This knight, too, was the first who introduced scenery on the stage. I will add (par parenthèse) that it was a priest who first suggested the levelling of the pit with the stage, for the purpose of masquerades and balls.

Prynne was not among those who fancied that morality would profit by the introduction of actresses. He had his misgivings as to the effects likely to be produced on the susceptible young gallants of his day. Touching the appearance of the French actresses at the Blackfriars Theatre, noticed above, he calls it “an impudent, shameful, un-womanish, graceless, if not more than w——ish attempt.” The fashion was, undoubtedly, first set by the court, and by no less a person than a queen. Anne of Denmark, wife of James I., acted a part in a pastoral. They who remember some of the incidents of the training she gave her son, the princely knight young Henry, will hardly think that Anne gave dignity to the occupation she temporarily assumed.

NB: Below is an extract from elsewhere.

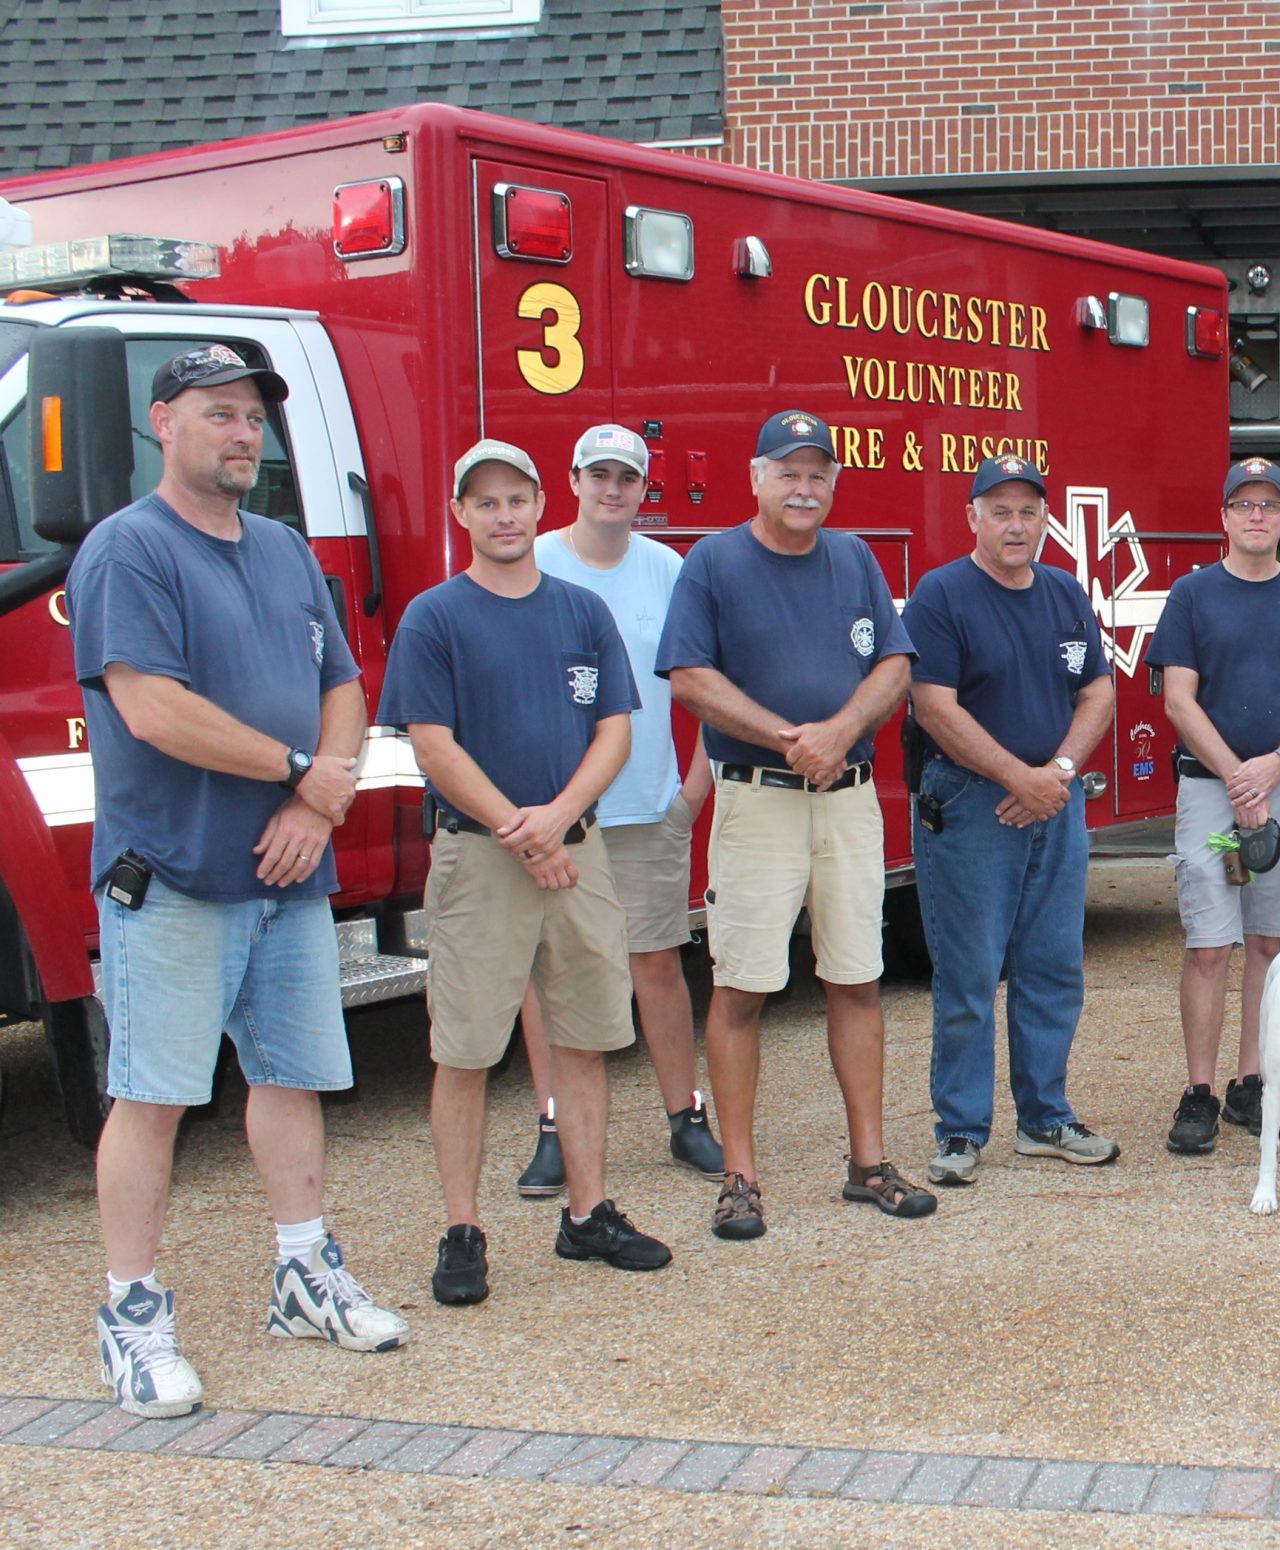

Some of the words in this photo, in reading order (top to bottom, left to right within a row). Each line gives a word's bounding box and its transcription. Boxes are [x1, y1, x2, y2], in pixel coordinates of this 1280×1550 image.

Mrs. Saunderson is said to have been the first regularly-engaged actress who opened her lips on the English stage. Had she and her compeers only half the charms which report ascribed to them, they must have afforded far more pleasure to audience and spectators than the “beautiful woman-actor,” Stephen Hamerton Hart, with his womanly dignity; Burt, with his odious female sprightliness; or Goffe, who was as hearty and bustling as old Mrs. Davenport. King Charles himself and his cavaliers, too, must have been especially delighted when they were no longer kept waiting for the commencement of a play, on the ground that the Queen was not yet shaved.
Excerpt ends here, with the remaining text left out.